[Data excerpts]
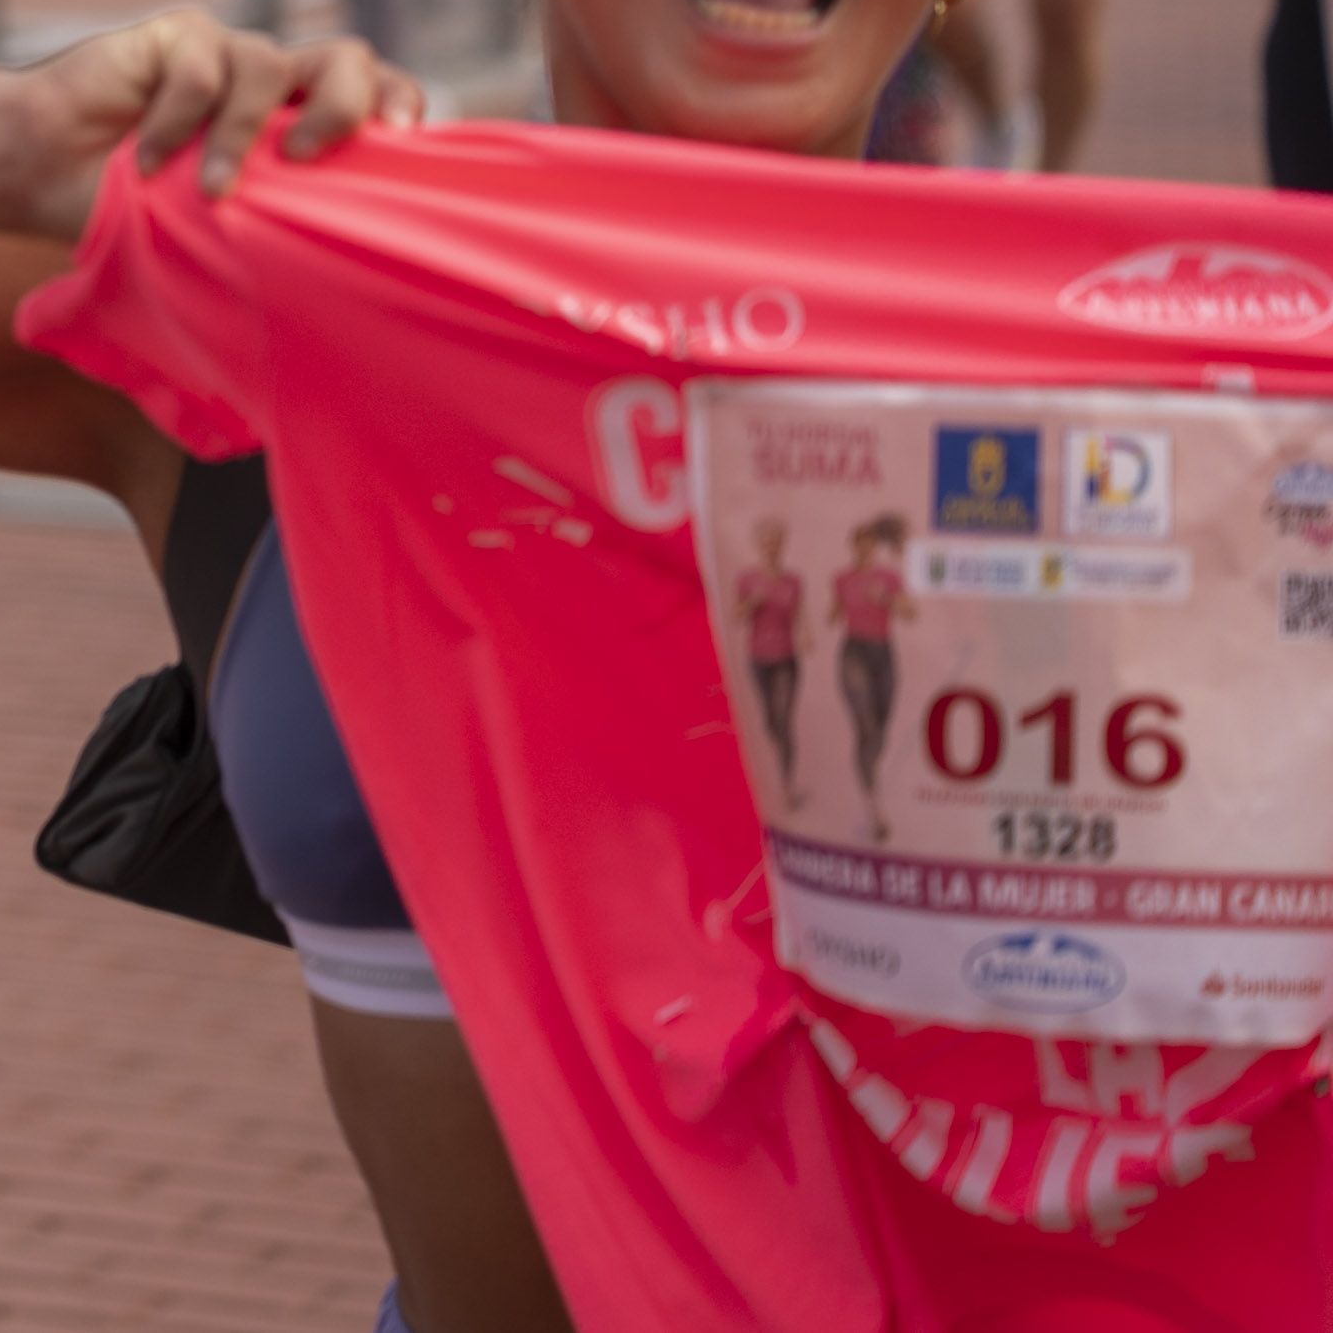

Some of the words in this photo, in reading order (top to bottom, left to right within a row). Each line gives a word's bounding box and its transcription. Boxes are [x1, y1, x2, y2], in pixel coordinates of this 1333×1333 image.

[924, 686, 1190, 792] 016
[994, 811, 1118, 863] 1328
[926, 868, 974, 907] LA
[978, 871, 1098, 915] MUJER
[1122, 876, 1224, 918] GRAN
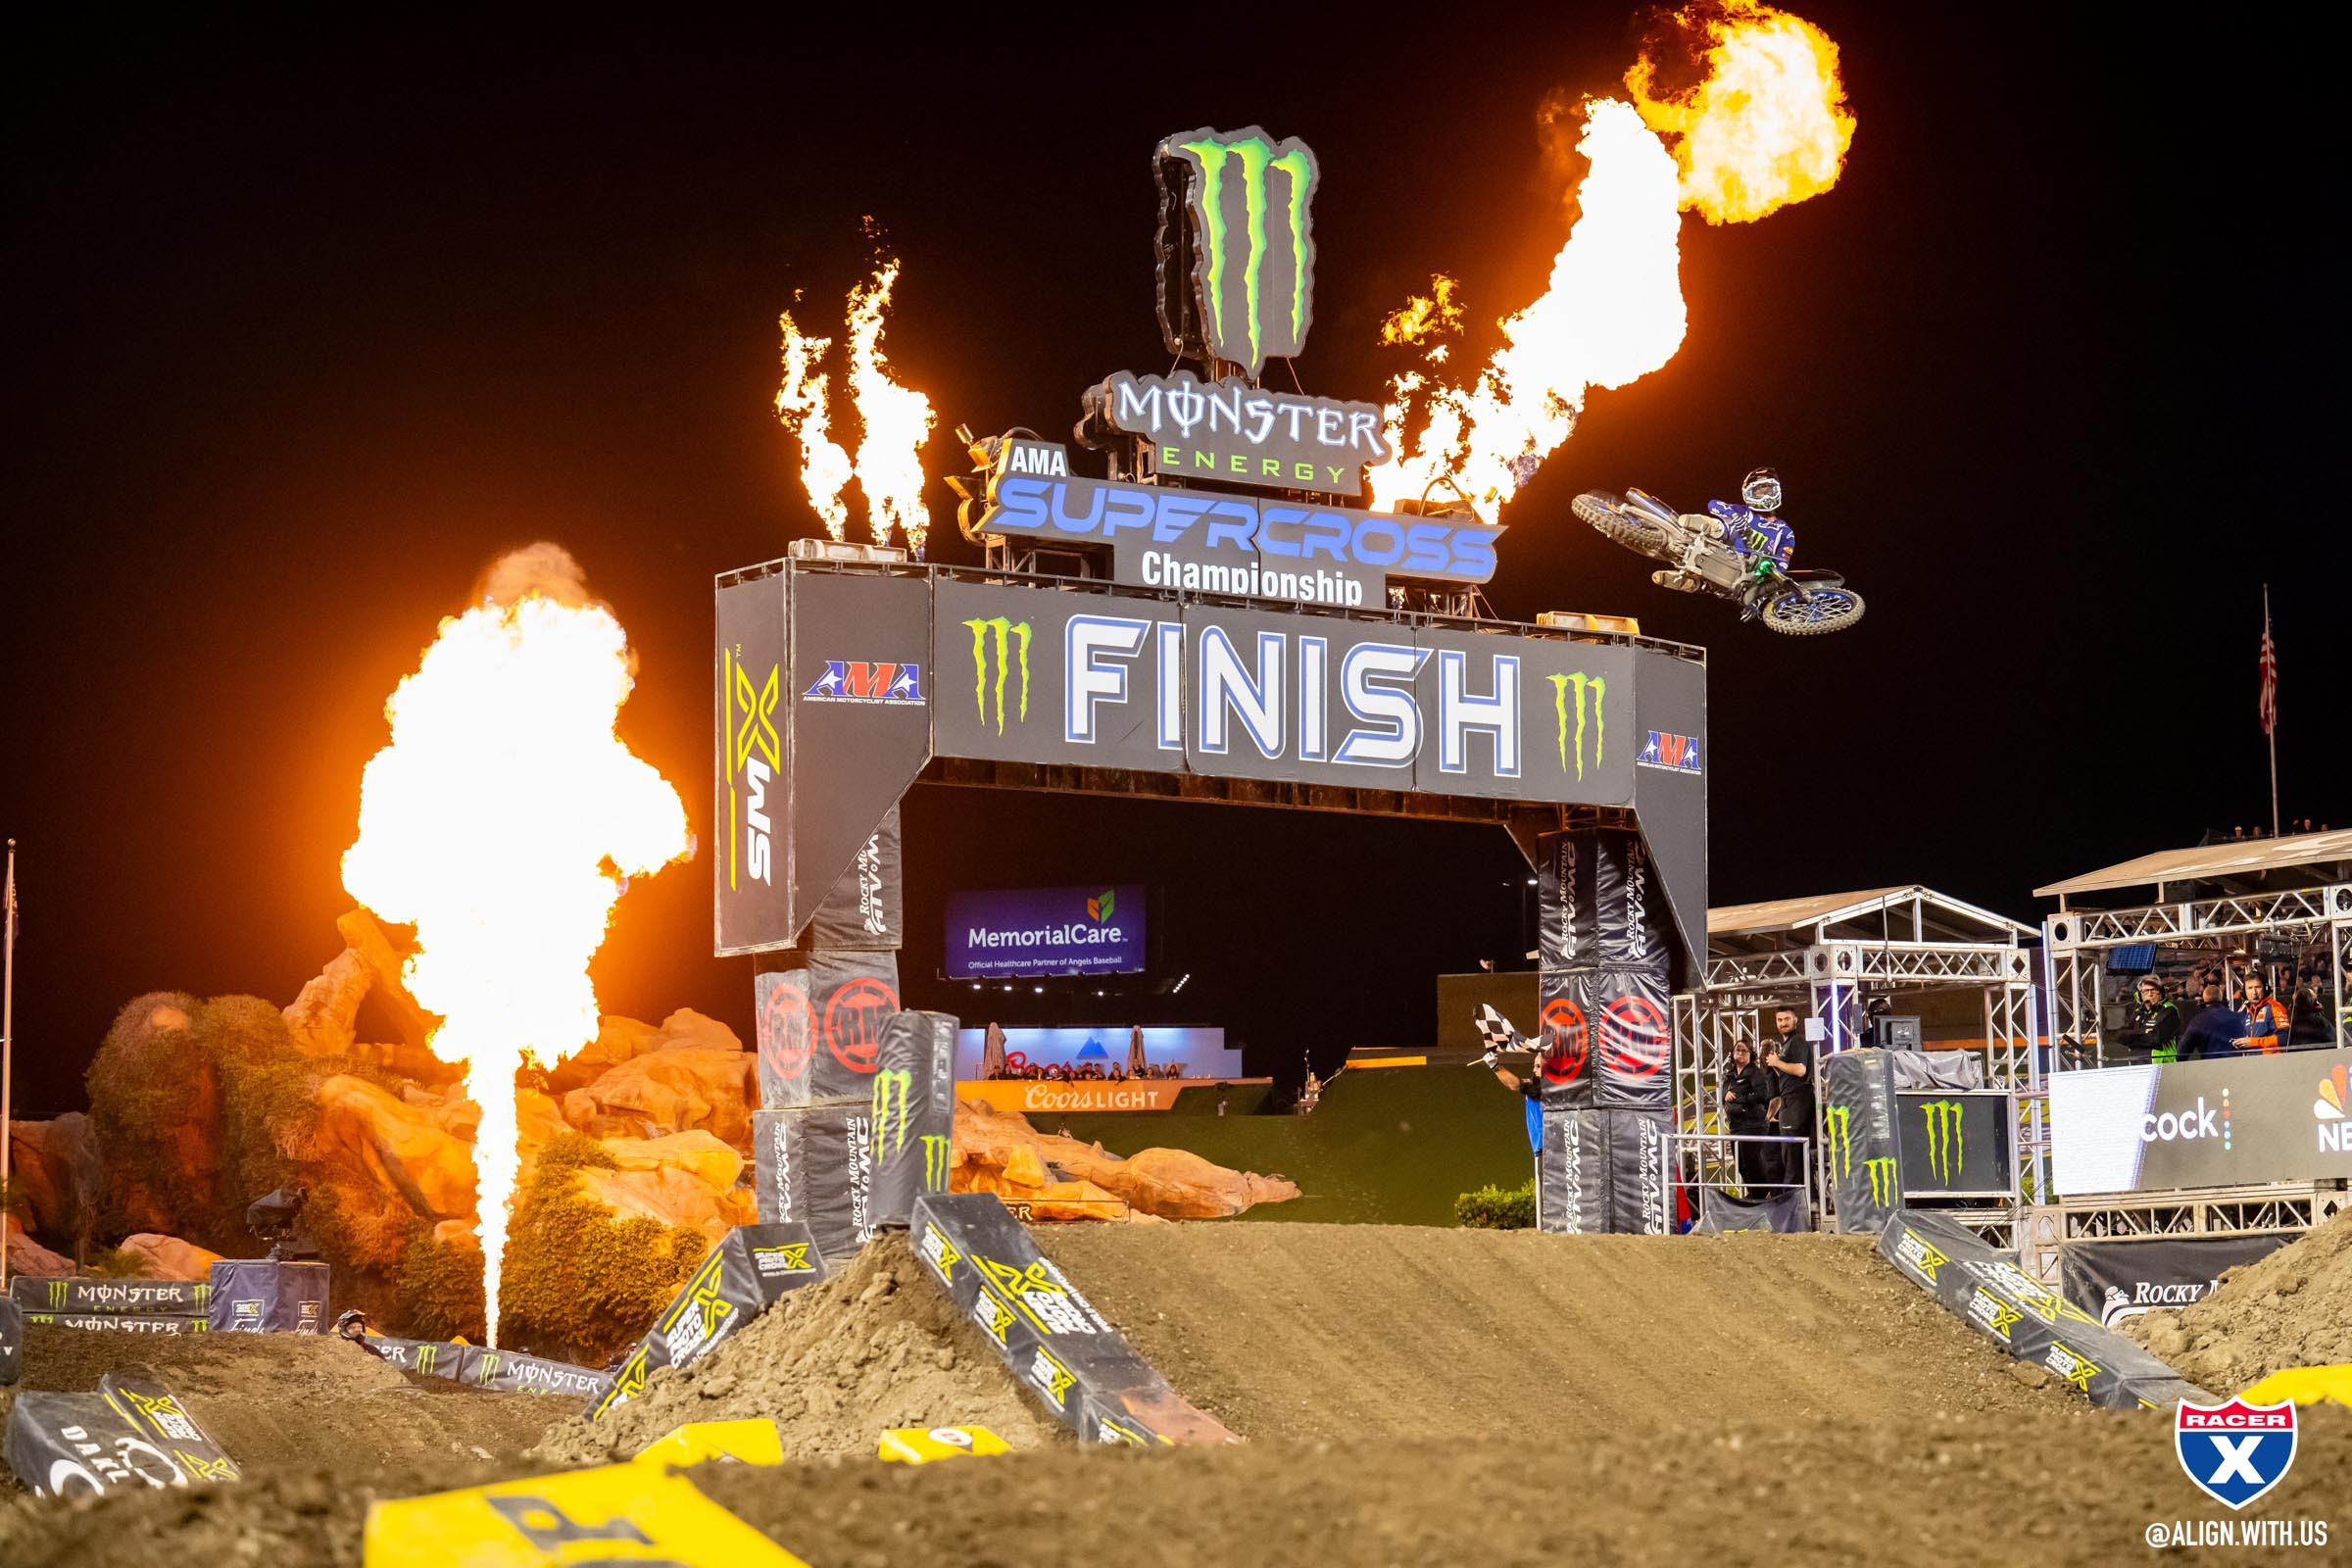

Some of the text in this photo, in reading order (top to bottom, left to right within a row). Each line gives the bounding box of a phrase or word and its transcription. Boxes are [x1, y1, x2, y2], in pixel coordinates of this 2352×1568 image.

[1010, 445, 1067, 477] AMA
[1162, 447, 1346, 484] ENERGY
[993, 477, 1509, 577] SUPERCROSS
[1142, 551, 1362, 607] Championship
[802, 661, 926, 699] AMA
[1065, 614, 1521, 777] FINISH
[1637, 730, 1701, 770] AMA
[859, 873, 870, 915] ROCKY
[968, 924, 1122, 948] MemorialCare
[1627, 902, 1636, 940] ROCKY
[994, 959, 1031, 968] Healthcare
[1068, 957, 1092, 967] Angels
[1025, 1084, 1159, 1109] Coors LIGHT
[1564, 1119, 1573, 1181] MOUNTAIN
[1639, 1118, 1651, 1219] ROCKY MOUNTAIN
[846, 1117, 862, 1227] ROCKY MOUNTAIN
[2133, 1282, 2204, 1303] ROCKY

→ DESCRIPTION OF THE TASK
Lines from the one that contains "Some of the text" through the final line of the entries must be duplicated exactly, and no other lines.

→ RESPONSE BELOW
Some of the text in this photo, in reading order (top to bottom, left to right within a row). Each line gives the bounding box of a phrase or word and its transcription. Boxes are [x1, y1, x2, y2], in pixel coordinates of this 2352×1568 image.

[1010, 445, 1067, 477] AMA
[1162, 447, 1346, 484] ENERGY
[993, 477, 1509, 577] SUPERCROSS
[1142, 551, 1362, 607] Championship
[802, 661, 926, 699] AMA
[1065, 614, 1521, 777] FINISH
[1637, 730, 1701, 770] AMA
[859, 873, 870, 915] ROCKY
[968, 924, 1122, 948] MemorialCare
[1627, 902, 1636, 940] ROCKY
[994, 959, 1031, 968] Healthcare
[1068, 957, 1092, 967] Angels
[1025, 1084, 1159, 1109] Coors LIGHT
[1564, 1119, 1573, 1181] MOUNTAIN
[1639, 1118, 1651, 1219] ROCKY MOUNTAIN
[846, 1117, 862, 1227] ROCKY MOUNTAIN
[2133, 1282, 2204, 1303] ROCKY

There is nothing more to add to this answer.